[Saved data entries]
---

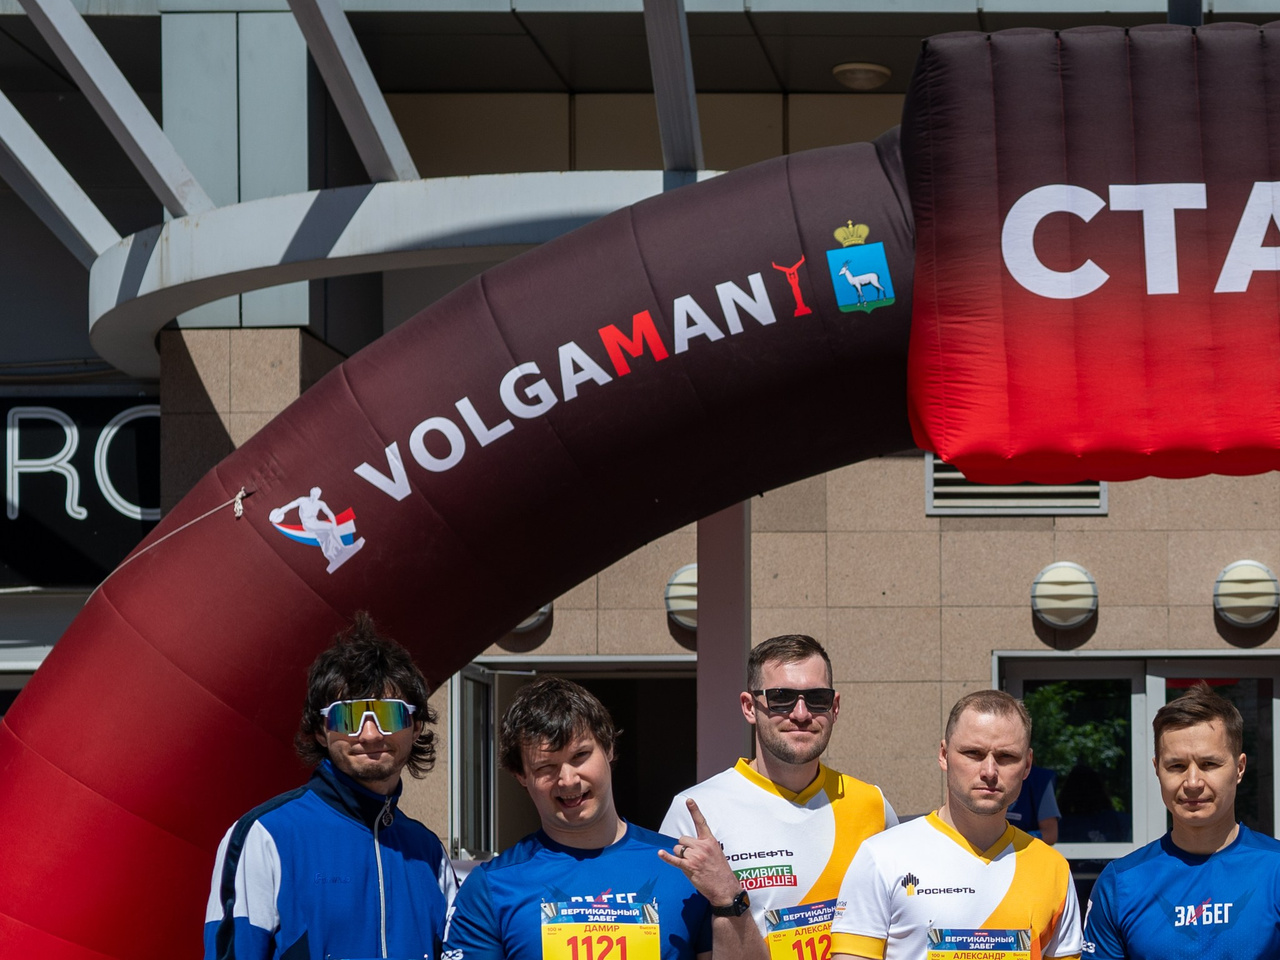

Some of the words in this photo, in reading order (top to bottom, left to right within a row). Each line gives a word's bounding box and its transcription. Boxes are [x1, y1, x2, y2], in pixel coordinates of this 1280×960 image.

[353, 272, 777, 502] VOLGAMAN
[738, 866, 790, 880] ЖИВИТЕ
[917, 887, 975, 895] РОСНЕФТЬ
[560, 908, 640, 917] ВЕРТИКАЛЬНЫЙ
[783, 906, 836, 921] ВЕРТИКАЛЬН
[808, 914, 832, 924] ЗАБЕГ
[584, 925, 620, 933] ДАМИР
[794, 922, 833, 937] АЛЕКСАН
[945, 935, 1014, 943] ВЕРТИКАЛЬНЫЙ
[953, 952, 1006, 960] АЛЕКСАНДР
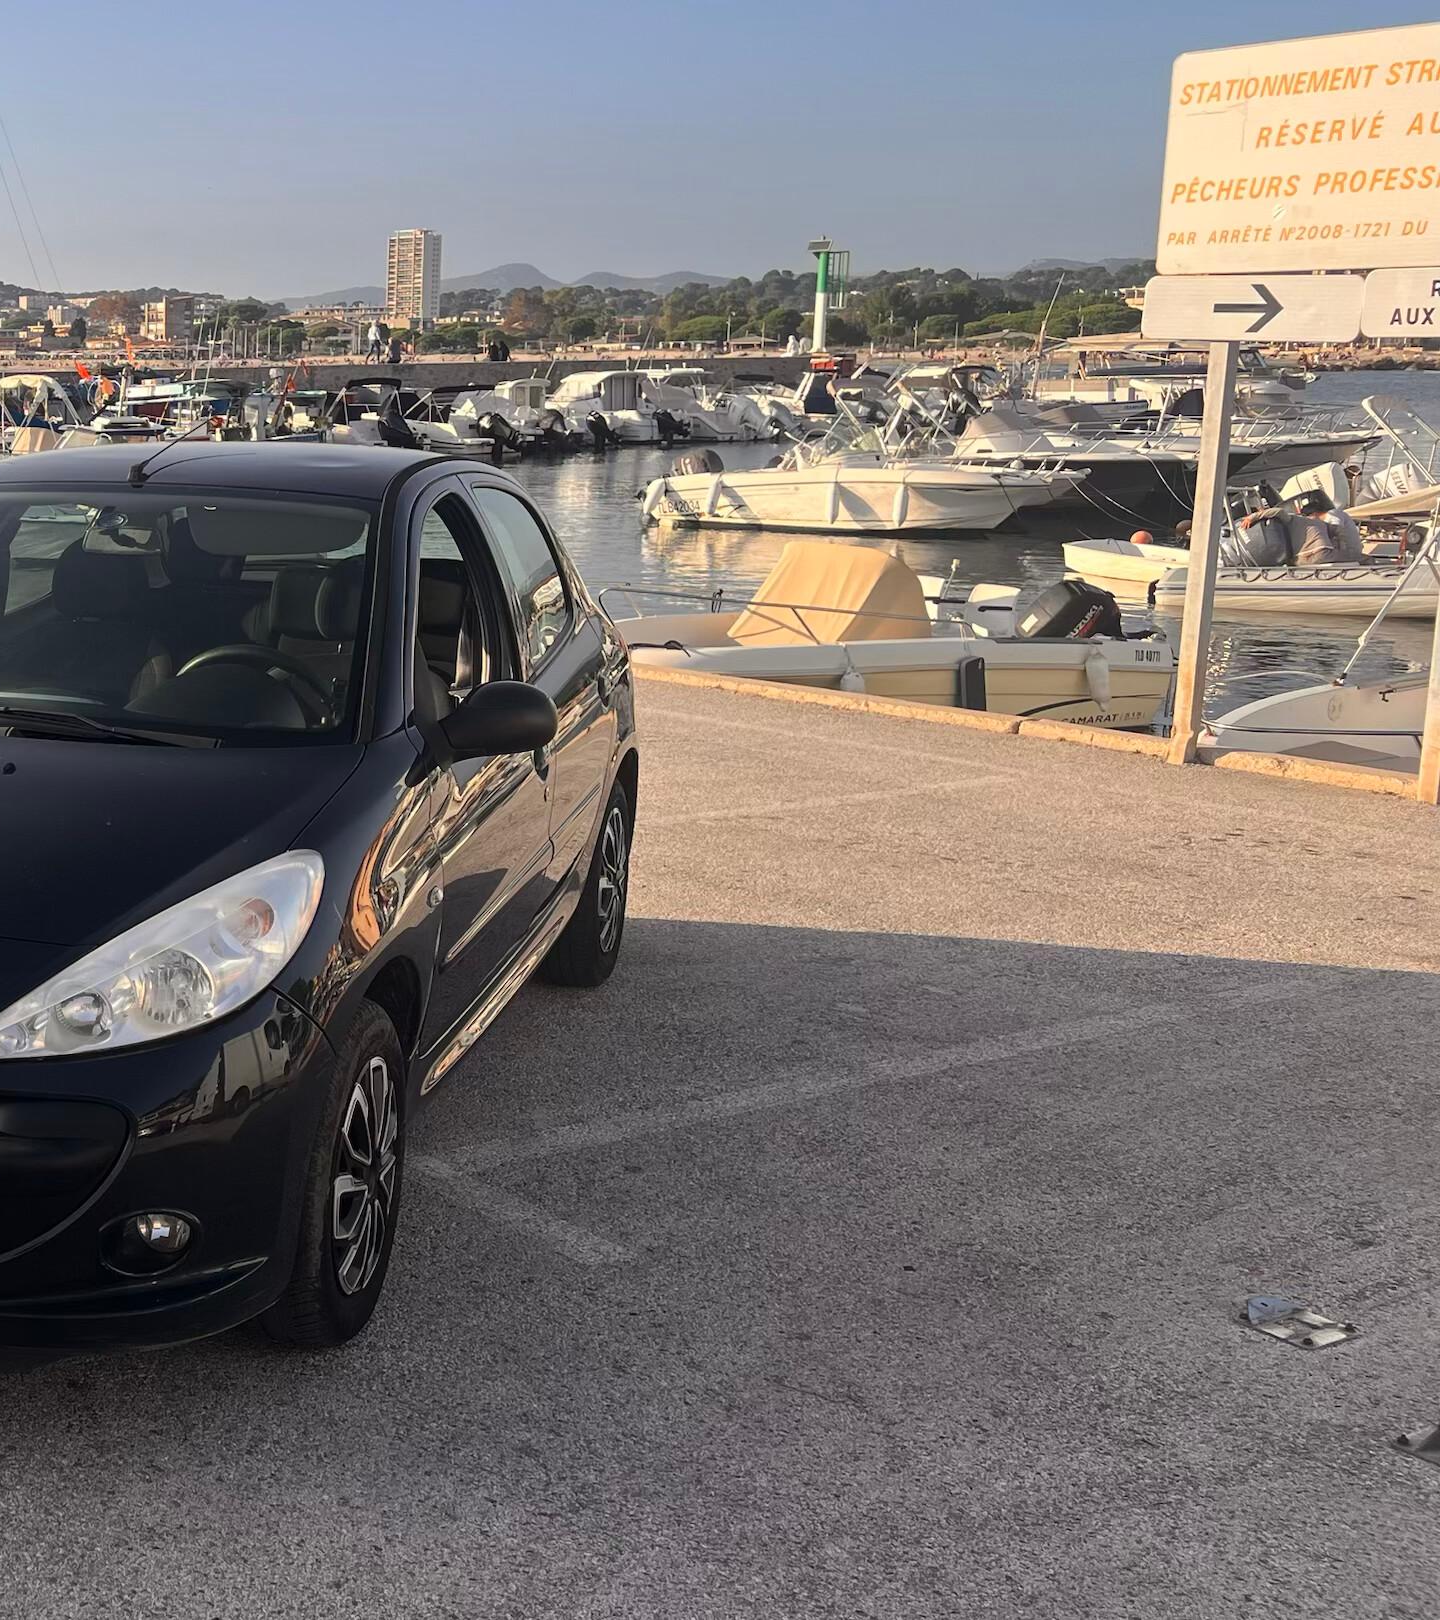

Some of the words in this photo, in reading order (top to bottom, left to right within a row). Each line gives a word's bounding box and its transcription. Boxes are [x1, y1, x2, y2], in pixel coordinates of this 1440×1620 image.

[1180, 64, 1378, 105] STATIONNEMENT
[1255, 110, 1386, 149] RÉSERVÉ
[1170, 174, 1301, 204] PÊCHEURS
[1166, 231, 1197, 246] PAR
[1207, 225, 1273, 244] ARRÊTÉ
[1401, 220, 1429, 236] DU
[1390, 307, 1436, 325] AUX

---

*Work to complete*: Print exactly the lines that run from the line containing "this 1440×1620 image." to the end of the data, both ends included.

*Finished task*:
Some of the words in this photo, in reading order (top to bottom, left to right within a row). Each line gives a word's bounding box and its transcription. Boxes are [x1, y1, x2, y2], in pixel coordinates of this 1440×1620 image.

[1180, 64, 1378, 105] STATIONNEMENT
[1255, 110, 1386, 149] RÉSERVÉ
[1170, 174, 1301, 204] PÊCHEURS
[1166, 231, 1197, 246] PAR
[1207, 225, 1273, 244] ARRÊTÉ
[1401, 220, 1429, 236] DU
[1390, 307, 1436, 325] AUX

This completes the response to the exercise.